Birx has worked for decades in the medical field, largely focusing on combating and preventing the spread of HIV/AIDS. The staffing move is likely intended to appease calls from many lawmakers for the Trump administration to appoint a "czar" to oversee the federal response to the coronavirus.

"She has deep experience in coordinating across agencies," Pence's office said in announcing Birx's new role. "She has worked from the research bench to the clinic, but understands the primary focus must always be to reach the individuals most in need. She will bring her infectious disease, immunologic, vaccine research and interagency coordinating capacity to this position.

Birx currently serves as the ambassador-at-large for the State Department coordinating the U.S. efforts to combat HIV/AIDS. An Obama-era appointee, she has held that role since 2014.

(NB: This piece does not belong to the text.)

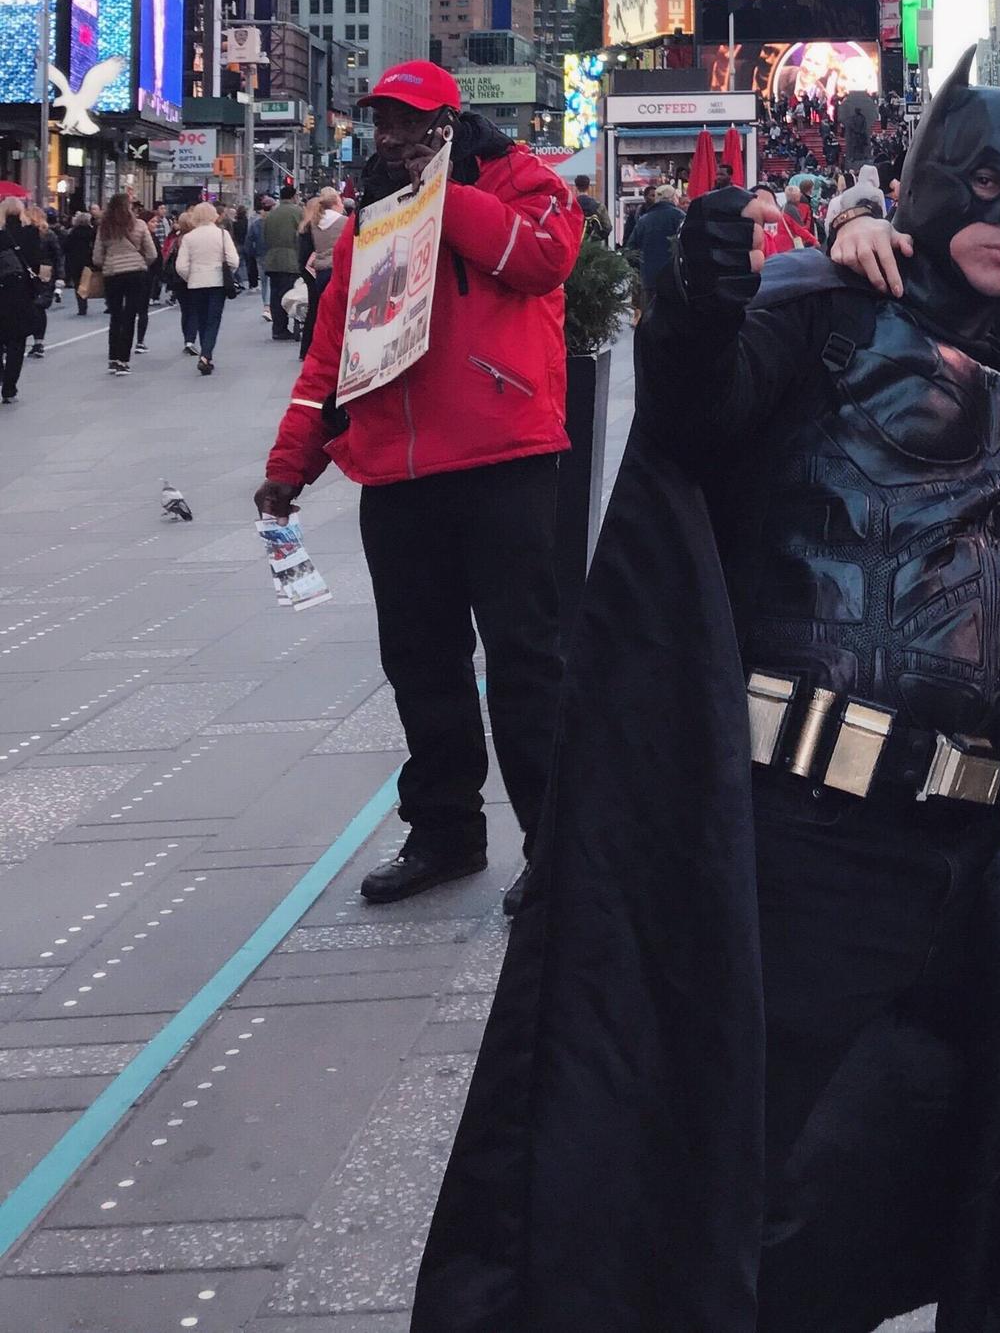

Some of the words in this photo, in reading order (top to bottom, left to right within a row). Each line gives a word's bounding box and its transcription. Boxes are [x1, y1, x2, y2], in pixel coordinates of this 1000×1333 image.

[478, 84, 500, 92] DOING
[478, 91, 504, 99] THERE?
[638, 102, 697, 114] COFFEED
[535, 146, 575, 155] HOTDOGS
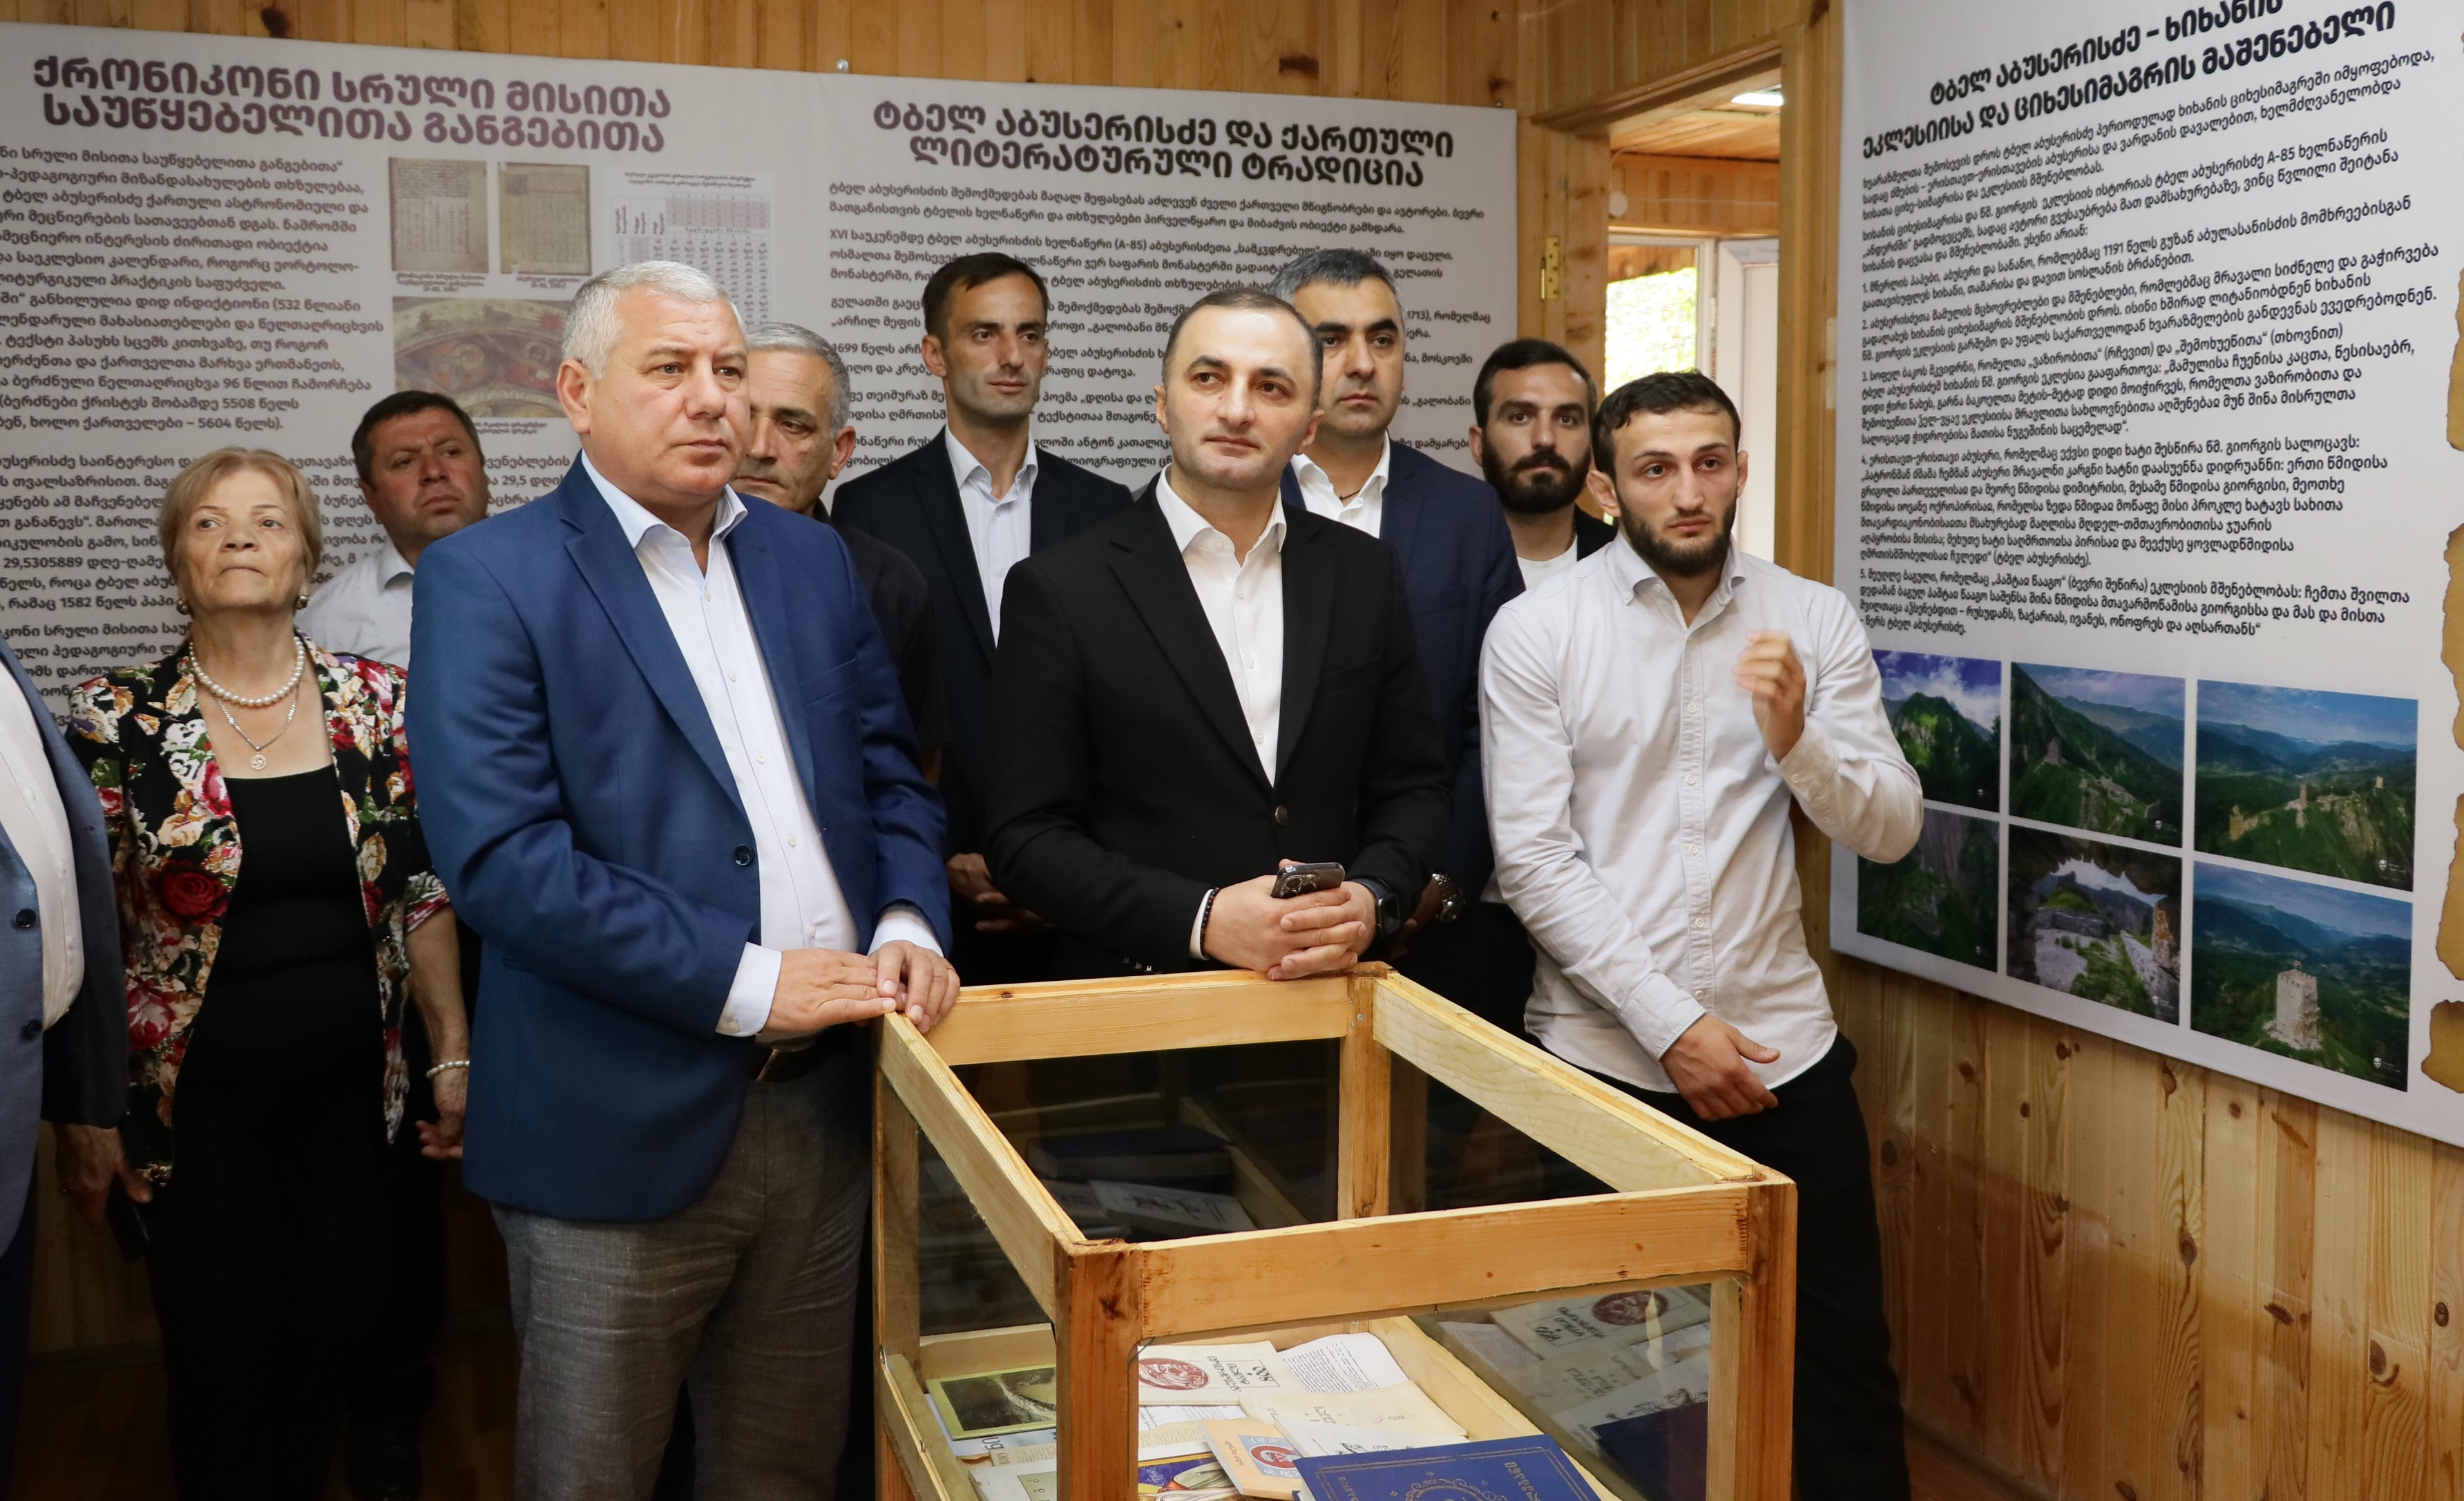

She has in the past served as a physician in the U.S. Army and as director of the U.S. Military HIV Research Program at the Walter Reed Army Institute of Research. She spent nearly a decade as the director of the Centers for Disease Control and Prevention's Division of Global HIV/AIDS.

Birx will be part of the White House's coronavirus task force and will be supported by the National Security Council. But she will report to Pence, who on Wednesday night was tasked with overseeing the federal government's response to coronavirus. 

Her appointment may soothe some concerns of the many Democrats who took issue with Pence being given significant authority over the coronavirus response despite a lack of public health expertise and his own struggles containing an HIV outbreak during his time as governor of Indiana.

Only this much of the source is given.